Priest learned how people struggle


It was the bell that first called to him. It was a Sunday afternoon in the mid-1920s, and his family was living in the Pelham Bay section of the Bronx. 

Now Gerald Ryan he is a monsignor, and he has been a priest for 67 years. He still runs a parish, St Luke’s in Mott Haven, and he is 92, making him the oldest working priest in New York City.

Fr Ryan lives simply, with no air-conditioning, or even a fan, in his presbytery. 

His journey as a priest, he said, has been away from the formalities, trappings and titles of the church, in search of a deeper meaning of the Gospel.

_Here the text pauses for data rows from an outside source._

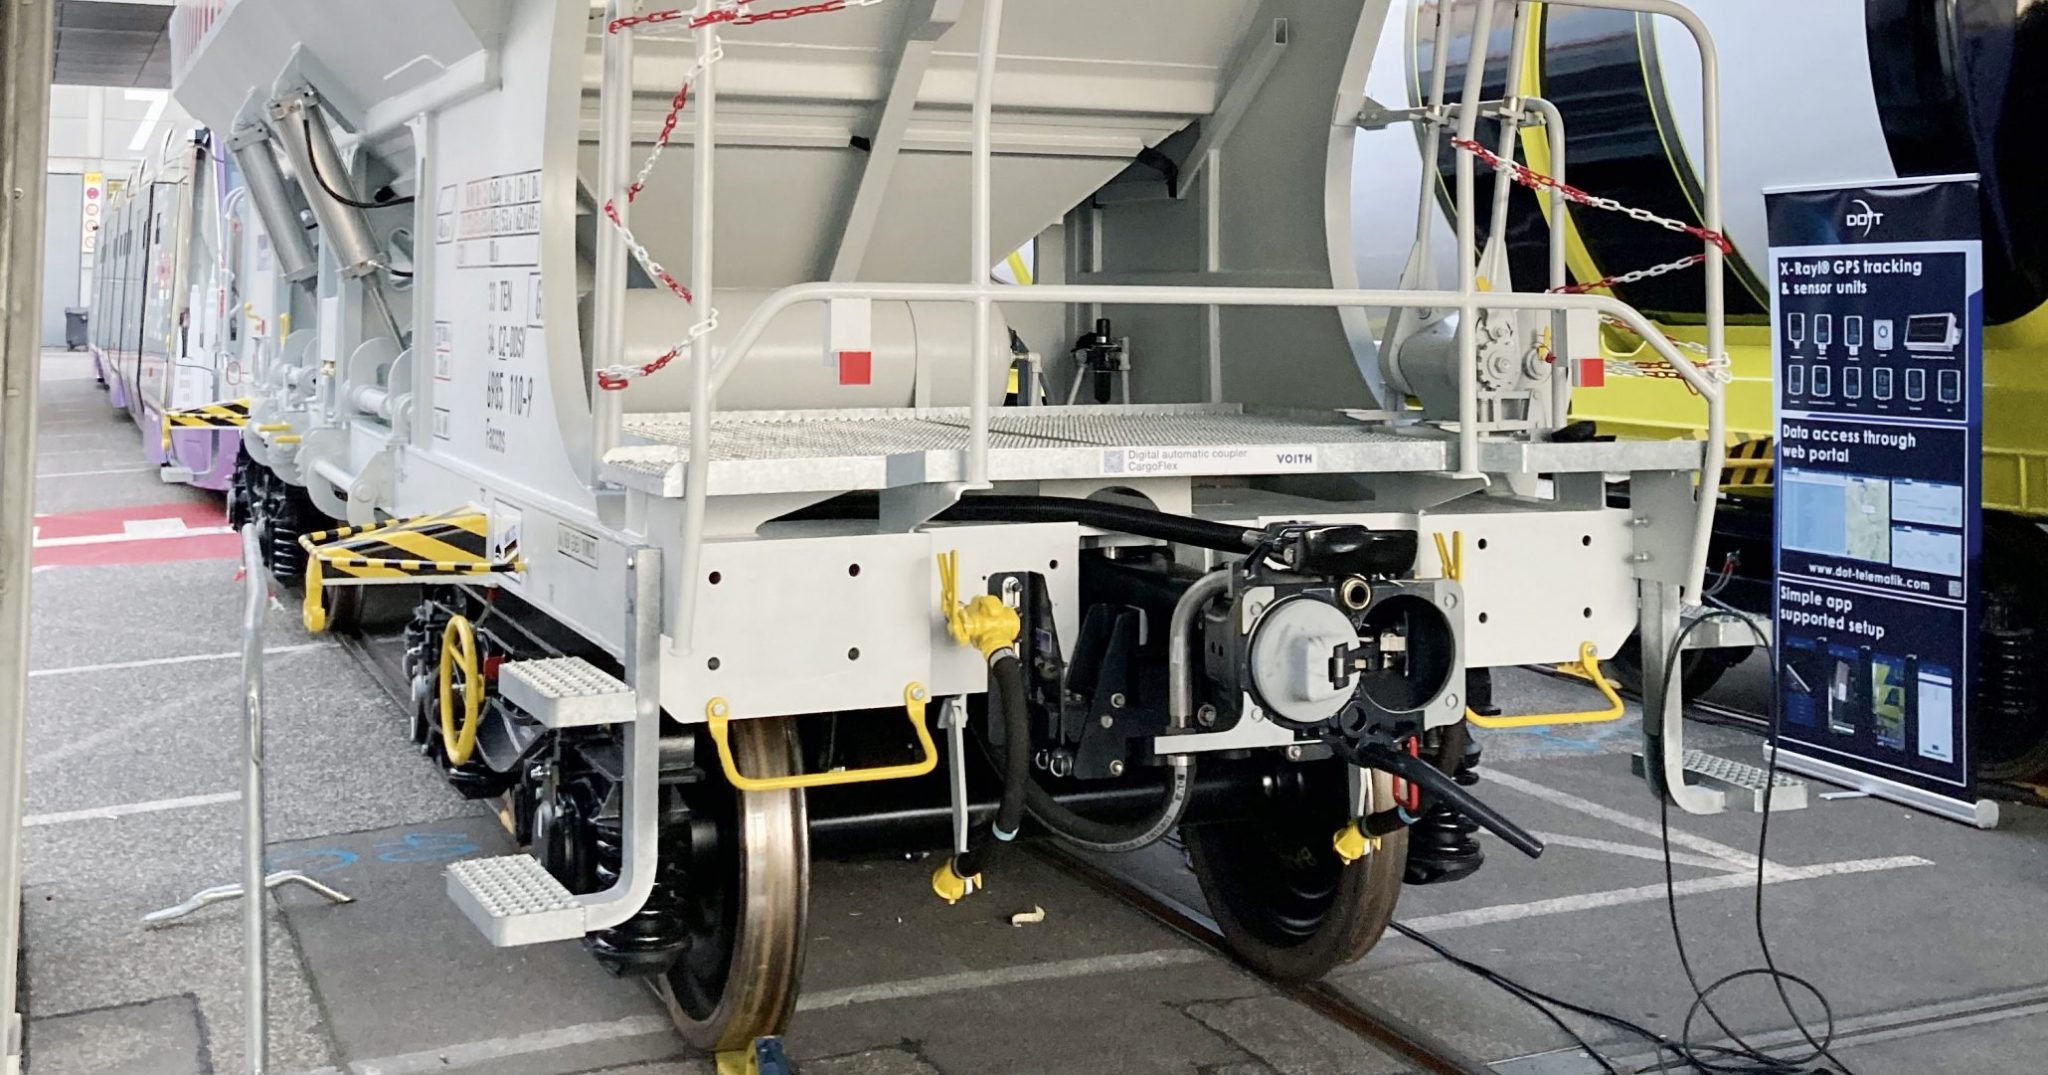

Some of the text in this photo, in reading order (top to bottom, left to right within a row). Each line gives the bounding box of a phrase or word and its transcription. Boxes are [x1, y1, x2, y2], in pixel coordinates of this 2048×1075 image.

[124, 89, 168, 151] 7
[1833, 260, 1860, 275] GPS
[1863, 258, 1923, 276] tracking
[1781, 279, 1868, 295] & sensor units
[509, 374, 533, 417] 110-9
[1782, 424, 1917, 450] Data access through
[1128, 448, 1247, 460] Digital automatic coupler
[1276, 454, 1313, 464] VOITH
[1782, 445, 1849, 463] web portal
[1128, 461, 1178, 472] CargoFlex
[1808, 563, 1931, 592] www.dot-telematik.com
[1780, 585, 1853, 613] Simple app
[1780, 608, 1885, 640] supported setup

“I think I have come a long, long way from when I was ordained,” he said. As a seminarian, he said, he liked the idea of saying Mass, hearing confession and being addressed as “father,” but that was “like a fairytale.”

“It isn’t about serving the church in the way you have envisioned, from the altar, and from the position of authority and power,” he said. “But it is learning what human nature is, and what the struggles of people are. And where Jesus really is.”

Fr Ryan was born in 1920 in Upper Manhattan to Irish immigrant parents; two years later, the family moved to Pelham Bay, after his Fr became a motorman for the IRT subway line. As a boy, Gerald Ryan was an altar server; he began seminary studies in high school.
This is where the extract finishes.